Anyway, when the shutdowns happened I made a list, and it had ordinal numbers on it, but the difference between this list and my previous attempts at wresting order from chaos was I knew it wasn’t going to work, and that made it better. It was just a placeholder until the rhythm that was going to unfold naturally, did. 

I wake at dawn now. Right now, as I write, my window is open to the sunrise, and drifts of fog are rising, a gift from the water cycle. The weeping cherry outside my window is dripping with dew, new leaves unfurling to replace the spent blossoms. I have a cardinal that visits my window feeder every few days, and we always have a staring contest. I used to hear traffic from the Ben Franklin Bridge, and now there’s only the chatter of squirrels and the morning chorus from the closed park a few streets down and the occasional woodpecker mistaking a gutter for a tree. It is beautiful. Some mornings, I stand out back with my feet in the bare dirt, face to meet the rising sun full on, eyes closed and enveloped in that bright white light, and the only prayer that will come is ‘thank You’. I am profoundly grateful to exist, to breathe, to stand in the sunlight and be sustained by His hand.   

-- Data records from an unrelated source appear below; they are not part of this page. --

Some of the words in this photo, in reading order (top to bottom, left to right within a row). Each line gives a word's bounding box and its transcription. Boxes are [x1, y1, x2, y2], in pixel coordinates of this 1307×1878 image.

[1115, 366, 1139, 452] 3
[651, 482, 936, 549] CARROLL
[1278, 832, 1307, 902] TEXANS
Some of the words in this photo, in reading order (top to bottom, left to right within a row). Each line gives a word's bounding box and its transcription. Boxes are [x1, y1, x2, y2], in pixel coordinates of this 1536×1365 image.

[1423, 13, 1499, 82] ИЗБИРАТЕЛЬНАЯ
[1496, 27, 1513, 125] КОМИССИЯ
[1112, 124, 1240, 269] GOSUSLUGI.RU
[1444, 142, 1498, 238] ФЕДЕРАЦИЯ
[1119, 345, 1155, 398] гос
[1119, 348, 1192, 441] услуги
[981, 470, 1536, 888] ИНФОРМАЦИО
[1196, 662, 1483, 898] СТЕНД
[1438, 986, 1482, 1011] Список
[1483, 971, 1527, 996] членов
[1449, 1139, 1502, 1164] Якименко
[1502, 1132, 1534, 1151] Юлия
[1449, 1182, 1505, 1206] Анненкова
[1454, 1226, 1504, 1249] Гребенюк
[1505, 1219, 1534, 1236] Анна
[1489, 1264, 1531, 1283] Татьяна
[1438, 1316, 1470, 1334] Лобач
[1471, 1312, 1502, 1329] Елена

I go inside and read the news like everyone else. Occasionally I read blogs I shouldn’t, because the NYT features them, accounts of nurses at the northern end of the state as opposed to my southern suburb. You know when you blow bubbles in the summer, and you catch one on your wand, and bring it real close, and you can see the pearlized slick of soap dancing in the sun, making rainbow swirls as the bubble wall wears thin, turning clear right before it pops? So I close the browser, not because I don’t care, not because I have my head in sand, but because my portion requires me to.

I pour my children cereal, or make them “Oma’s special toast,” a proprietary blend of bread and butter and sugar and cinnamon and love. My eldest does his homework independently while my youngest plays, and I have my first window to tackle my studies. When he’s done, we switch, and I turn to her schoolwork, which takes until early afternoon. I unexpectedly treasure our school hours, and I know I will miss it when she’s back in class next year. There’s a simple lunch and I start planning for dinner. I try to grocery shop only every 2+ weeks now, because you already know what that’s like. I sew masks for nurse friends or grocer friends or friends with immunocompromised family members, or I clean the ever-lengthening trails of detritus around the house.

We share a meal together, keeping our tradition of asking “what’s everyone’s high/low”, even though we all spent the day together in the same room. It is completely endearing to hear how this time is held by young children. We clean up, and if I don’t have my schoolwork to finish, we take a walk, or play Catan as a family, or watch Sarah & Duck, or the Hobbit, or play Animal Crossing together. My son rests his head on my shoulder and I breathe deep the scent of his hair, because he’s 9 today and turning 17 this fall, and already turning too cool for his mom; I know the time is short, short. The kids have not had a bedtime since early March, but there have been extended snuggles to take its place, and I am grateful. I fall asleep tired, and I sleep like I haven’t slept in years. Maybe since before having children. I wake at dawn, and seek our daily bread, and the mercies are new for each morning. 

I fight and refuse the guilt I feel for being safe, for finding the silver linings that attend every storm, even while hating the destruction it has wrought. We have been lucky; our family members that contracted Covid recovered. The cardinal at my window is back. 

If I try to take it all at once, I can’t. I cannot think of May, June, July, August, September. I can only ask for this day’s bread. But every morning, just like He promised, the manna is there. 


Title taken from a favorite Sarah Groves song, “Enough”. Her selfsame titled playlist, here, holds the soundtrack to these days.